Emerging Craft Maker Bursary
Silversmith, jeweller and enameller Emma Wilson used her VACMA award to develop her skills and broaden her expertise and creative practice.
Emma's work is available to view via her website.
Silversmith, jeweller and enameller Emma Wilson used her VACMA award to develop her skills and broaden her expertise and creative practice.
Emma's work is available to view via her website.
Emma is a silversmith, jeweller and enameller, and makes small bowls in copper, fine silver and enamel, and jewellery in fine silver and silver.
Enamel is a form of glass which fuses to the metal in a small kiln at around 800 degrees centigrade. It has a beautiful translucent quality and can be used in many different ways to convey narrative and colour on an object. Emma’s enamel work is inspired by my watercolour paintings of the Scottish landscape and huge Scottish skies. She is hugely inspired by my surroundings and her work is currently focussed on the coast around Aberdeen and the North Sea.
Prior to getting her VACMA award Emma had been back making for around 3 years and was at a point of working out what she enjoyed making the most and what kind of maker she wanted to be.
Her recent participation on the Craft Scotland ‘Compass’ Programme had helped her identify short term aims to develop her silversmithing and enamelling skills and expand her offering of silver and enamel bowls into different scales and larger pieces.
She now wanted to push forward her practice and improve her skills in raising and silversmithing and expand her knowledge.
Emma used her funding to provide an injection of cash to purchase some larger silversmithing stakes, some copper, some fine silver sheet and some larger quantities of enamel so that she could develop her silversmithing skills and make bowls on a larger scale to those she had made to date.
The award also allowed her time in her workshop to develop her skills.
She made around seven copper bowls in varying sizes between 14cm to 20cm in diameter and one fine silver bowl which started as a 16cm diameter disc.
These bowls developed her existing themes of landscape and environment and created larger bowls that can be held in both hands.
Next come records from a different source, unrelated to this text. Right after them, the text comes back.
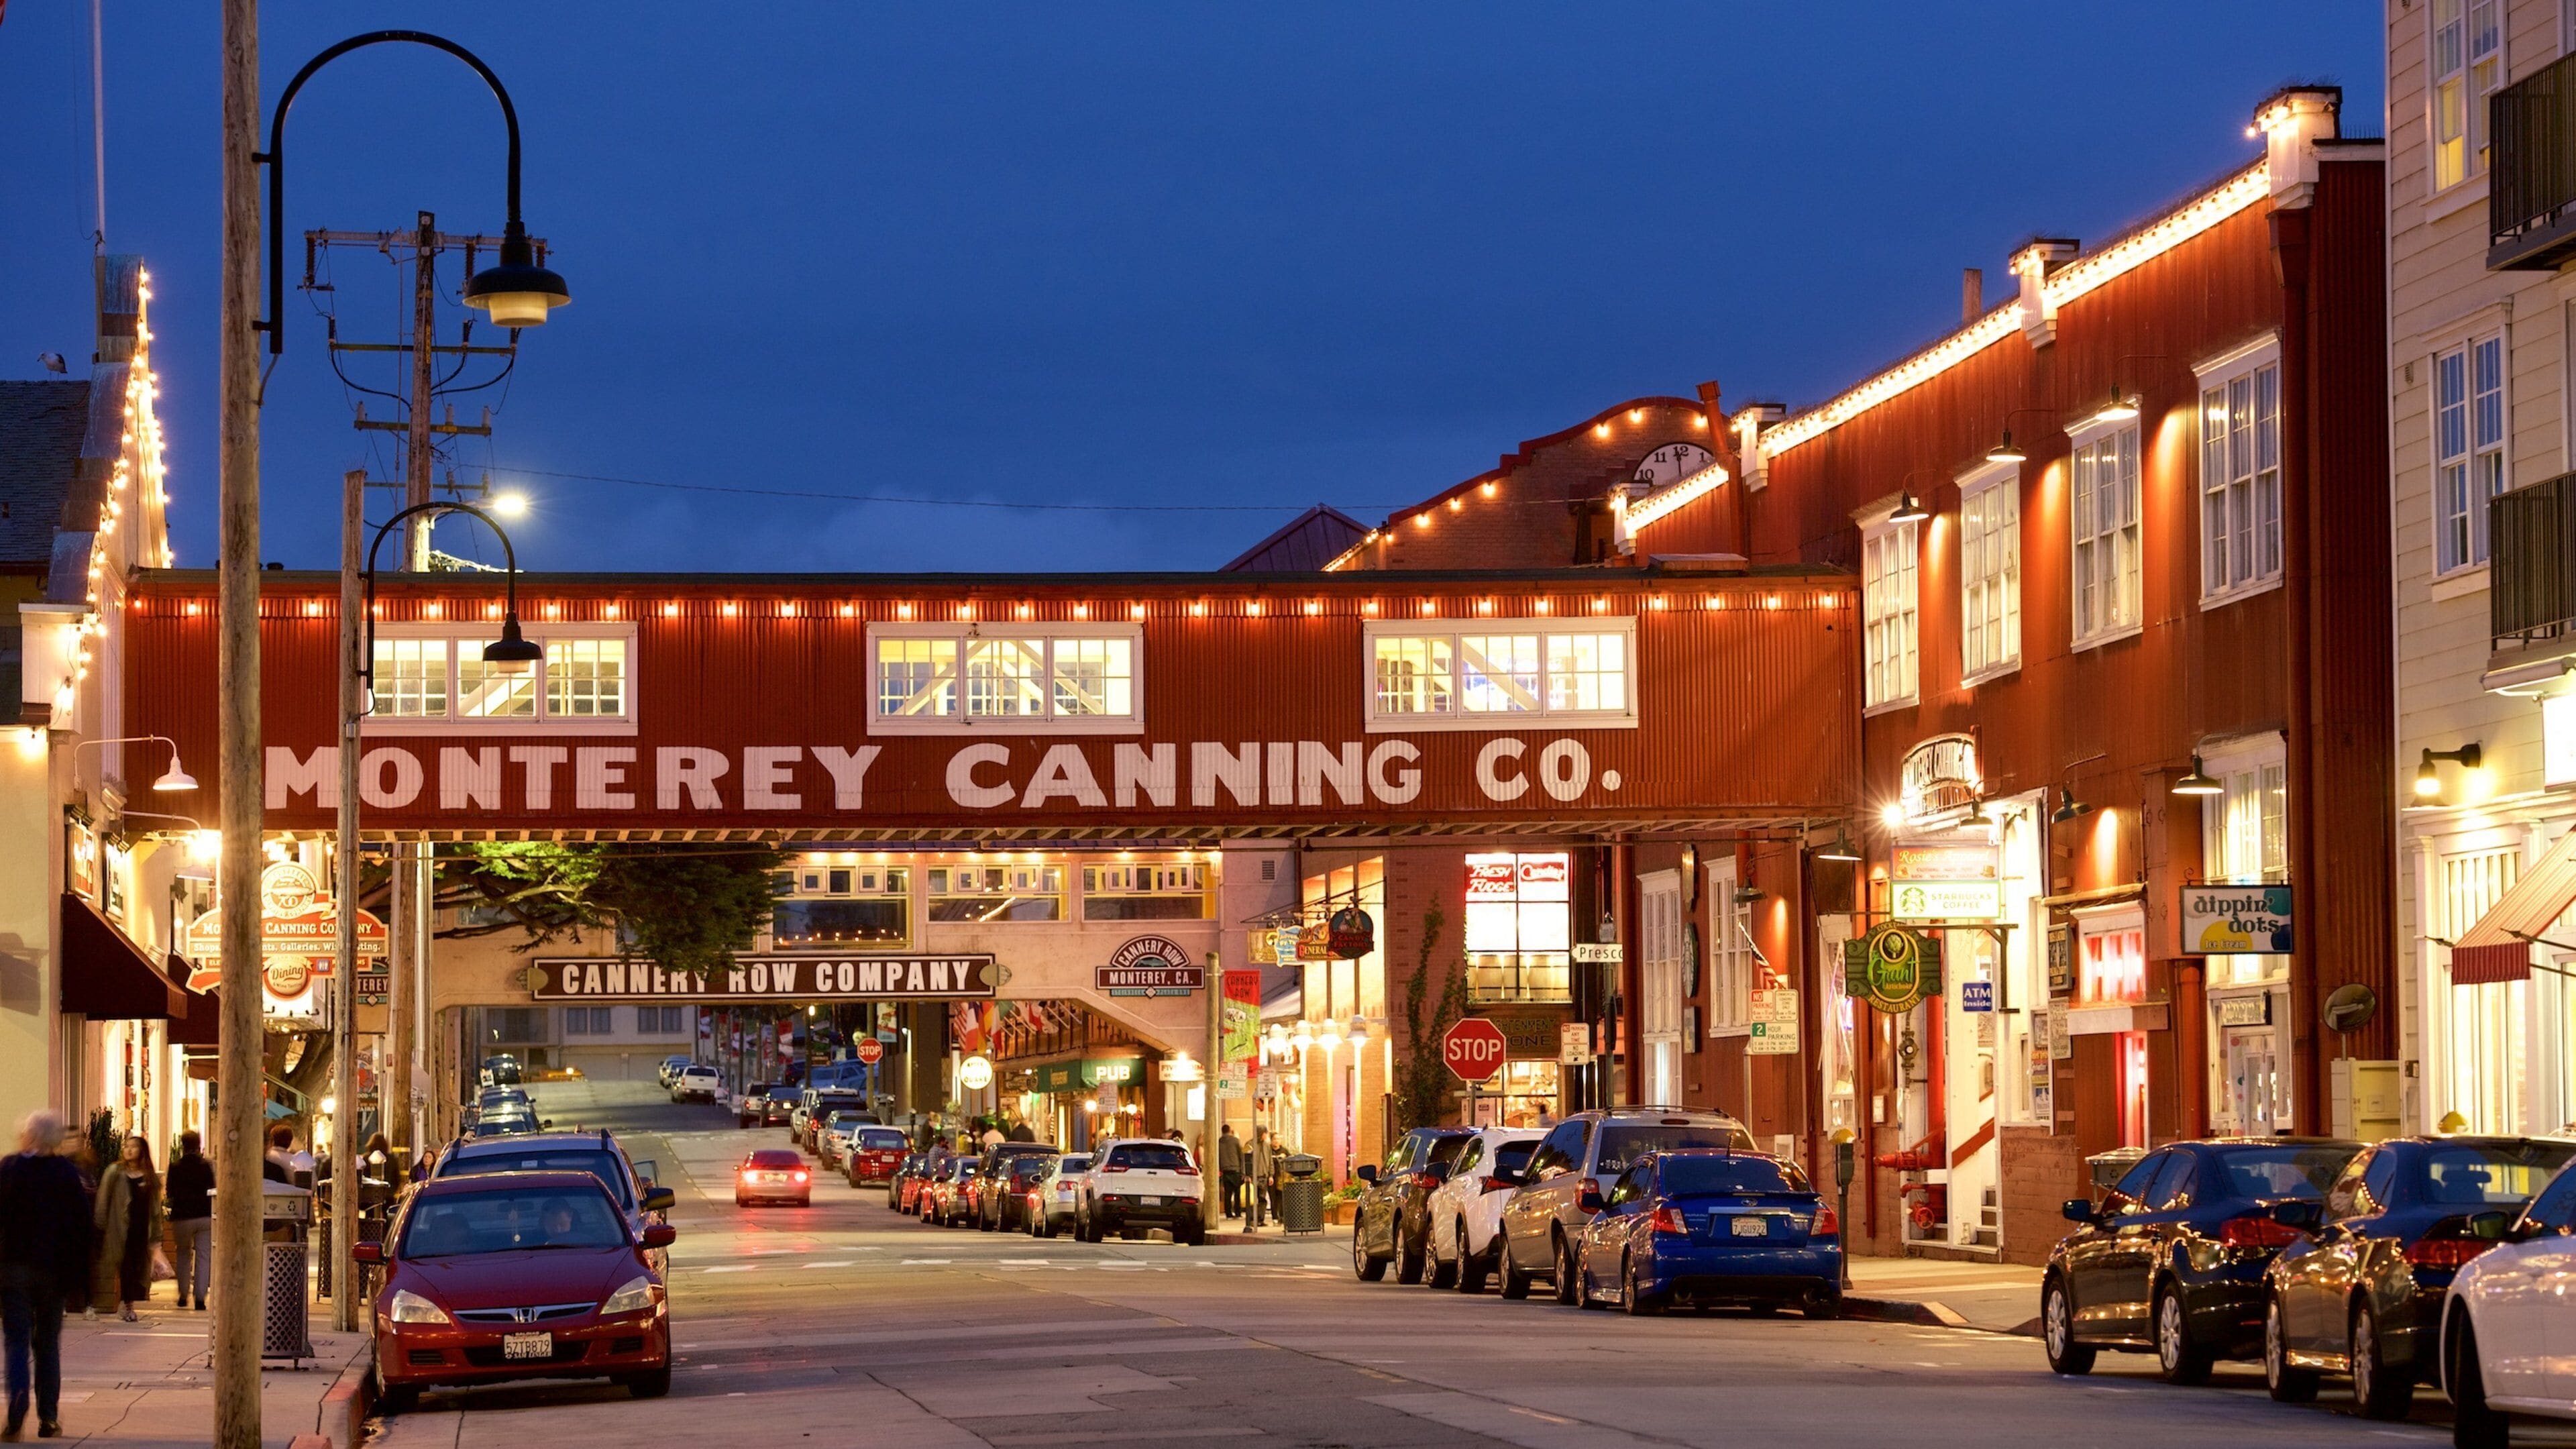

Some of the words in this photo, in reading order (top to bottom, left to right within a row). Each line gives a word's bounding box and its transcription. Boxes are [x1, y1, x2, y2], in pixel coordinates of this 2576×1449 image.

[1672, 445, 1689, 457] 12
[1654, 452, 1667, 463] 11
[1638, 468, 1654, 480] 10
[265, 745, 883, 810] MONTEREY
[945, 739, 1421, 808] CANNING
[1476, 737, 1621, 802] CO.
[1468, 864, 1512, 878] FRESH
[1467, 879, 1514, 892] FUDGE
[1931, 893, 1992, 901] STARBUCKS
[265, 922, 317, 934] CANNING
[320, 922, 372, 934] CONY
[2229, 916, 2281, 933] dots
[280, 943, 321, 952] Galleries.
[1118, 940, 1164, 966] CANNERY
[1162, 942, 1185, 966] ROW
[1299, 945, 1328, 957] GENERAL
[271, 966, 304, 982] Dining
[562, 963, 708, 994] CANNERY
[729, 963, 798, 993] ROW
[815, 961, 970, 993] COMPANY
[1109, 971, 1171, 985] MONTEREY,
[1175, 972, 1193, 984] CA.
[1867, 956, 1920, 991] Giant
[1226, 976, 1259, 987] CANNERY
[1234, 987, 1251, 998] ROW
[1753, 992, 1763, 1002] NO
[1964, 987, 1991, 998] ATM
[1868, 994, 1921, 1013] RESTAURANT
[1964, 1000, 1992, 1008] Inside
[1756, 1024, 1764, 1036] 2
[859, 1046, 881, 1056] STOP
[1448, 1038, 1502, 1062] STOP
[1096, 1066, 1130, 1081] PUB
The bowls are decorative pieces but represent an ancient ritual of sharing and nurturing, and while they don’t contain sustenance in the form of food, they do perhaps sustain the soul with abstract ideas of landscape and place.
“The sea calms me when I am stressed or worried, pebbles held in my hand calm me and comfort me when I am not by the sea. My bowls aim to do the same, they feel comforting to hold and they are something which can be shared. I am trying to evoke the feeling of the landscape without reproducing it exactly, to replicate that feeling of calm, but also the exhilaration of being by the sea and watching the waves, or marvelling at a huge, beautiful sky.”
She says of the funding “It would have been difficult to justify the time and expense had it not been for the VACMA bursary. It was good to get the few tools I needed, and quickly, so I could make that leap and really go and just get on with it.”
Emma feels that this VACMA has been important to her ability to make bigger silversmithing pieces. It has acted as a starting point to broaden her skills in this area of her practice and resulted in her expanding her offering to customers and as examples to show at exhibitions and larger silversmithing shows.
“My VACMA award has definitely had an impact. It meant I could develop these skills quicker than I thought I could. Had it not been for Covid I Probably would have gone and trained with someone in person, but the VACMA award enabled me to have the time in the workshop to do it myself and figure things out as I went along.
Going forward I’ve got a greater skills base to work from. I may go and work with others in the future but doing it this way has given me the confidence that I can also learn these things on my own. It has made me want to do more and develop things even more.”